The early Earth and impact-delivered mineralogy of phosphorus also affected how P was incorporated into primordial prebiotic chemistry. Prebiotic conditions continue to be one of the defining issues for the role of phosphorus in the origins of life processes. Phosphorus in life is needed for the growth, maintenance, and repair of all tissues and cells, and to produce the genetic building blocks, DNA and RNA. Phosphorus is also needed to help balance and use other vitamins and minerals. Phosphorus, like nitrogen, is a critical nutrient required for all life. The most common form of phosphorus used by biological organisms is phosphate (PO₄), which plays major roles in the formation of DNA, cellular energy, and cell membranes (Fernández-García et al., 2017). We know water to be a fundamental part of the ingredients that formed the initial conditions that allowed life to come about. The ease with which such amidophosphates or phosphoramidate derivatives phosphorylate a wide variety of substrates suggests that alternative forms of phosphate could have played a role in overcoming the “phosphorylation in water problem” (Pinna et al., 2022).
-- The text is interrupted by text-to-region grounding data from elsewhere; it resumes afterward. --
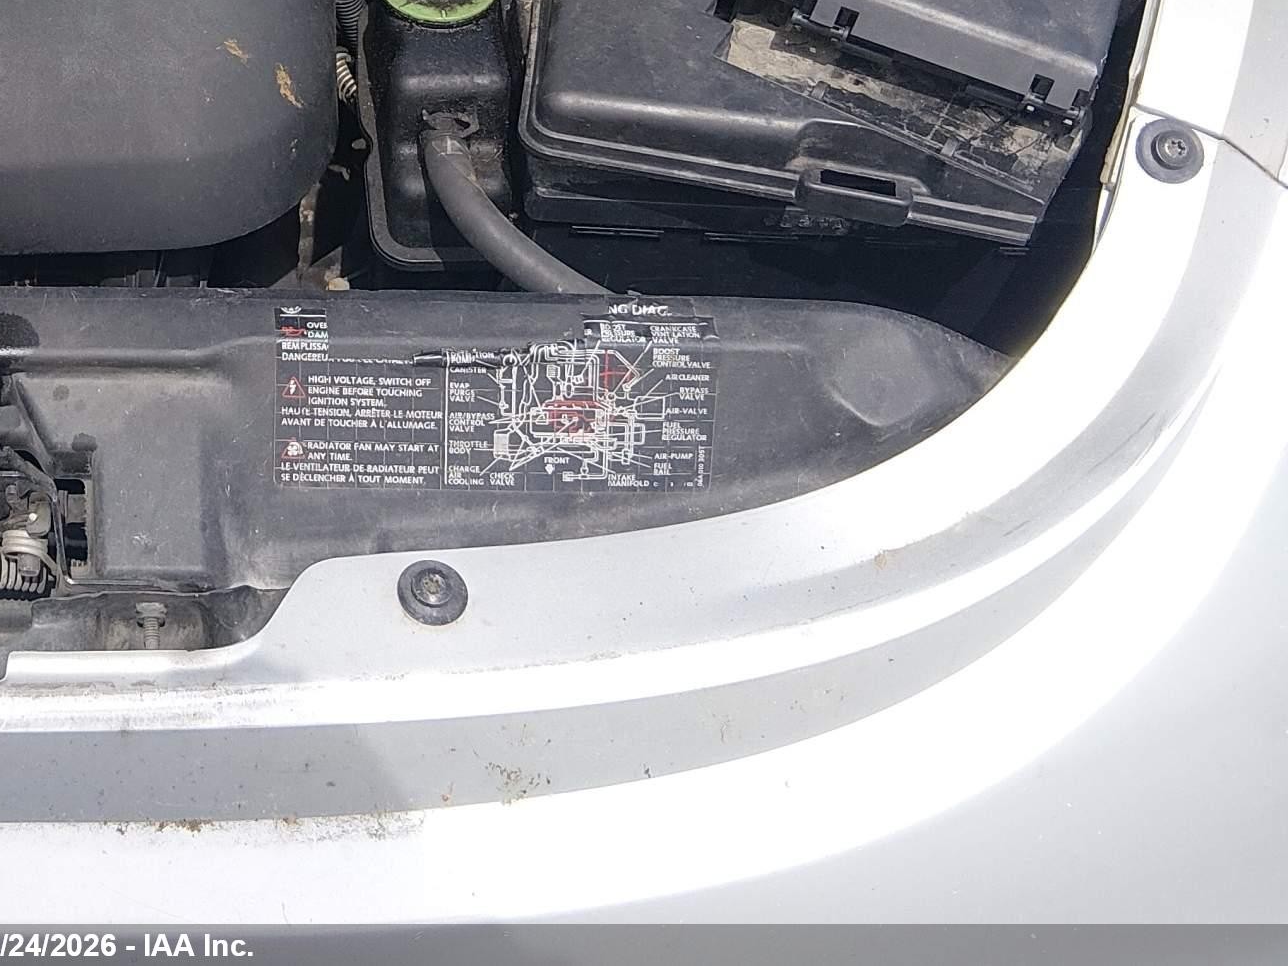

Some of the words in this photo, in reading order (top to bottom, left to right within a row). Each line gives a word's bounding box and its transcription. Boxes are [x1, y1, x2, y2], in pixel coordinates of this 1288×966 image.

[281, 341, 329, 351] REMPLISSA
[308, 375, 331, 384] HIGH
[378, 377, 412, 386] SWITCH
[414, 378, 432, 386] OFF
[308, 386, 340, 395] ENGINE
[342, 387, 374, 395] BEFORE
[376, 388, 423, 397] TOUCHING
[308, 397, 348, 406] IGNITION
[393, 409, 403, 418] LE
[405, 410, 443, 419] MOTEUR
[281, 418, 312, 426] AVANT
[314, 418, 325, 427] DE
[328, 419, 368, 428] TOUCHER
[307, 441, 352, 450] RADIATOR
[353, 442, 372, 451] FAN
[374, 443, 396, 452] MAY
[398, 444, 425, 452] START
[427, 444, 439, 452] AT
[448, 440, 488, 448] THROTTLE
[307, 452, 326, 461] ANY
[544, 456, 570, 464] FRONT
[281, 463, 290, 471] LE
[292, 463, 351, 472] VENTILATEUR
[353, 464, 364, 473] DE
[366, 465, 415, 474] RADIATEUR
[418, 465, 440, 474] PEUT
[280, 473, 291, 481] SE
[357, 475, 380, 483] TOUT
[490, 478, 515, 486] VALVE
Two important aspects of prebiotic phosphate chemistry should be taken in account when searching for the initial mechanism that brought about life: First are the prebiotic phosphorylation reactions; specifically contrast aqueous electrophilic phosphorylation, and aqueous nucleophilic phosphorylation strategies, with dry-state phosphorylations that are mediated by dissociative phosphoryl-transfer (Fernández-García et al., 2017). Second are the non-structural roles that phosphates can play in prebiotic chemistry. Here the focus will be on the mechanisms by which phosphate has guided prebiotic reactivity through catalysis or buffering effects, to facilitating selective transformations in neutral water (Fernández- García et al., 2017). Several prebiotic routes towards the synthesis of nucleotides, amino acids, and core metabolites, that have been facilitated or controlled by phosphate acting as a general acid–base catalyst, pH buffer, or a chemical buffer will be outlined.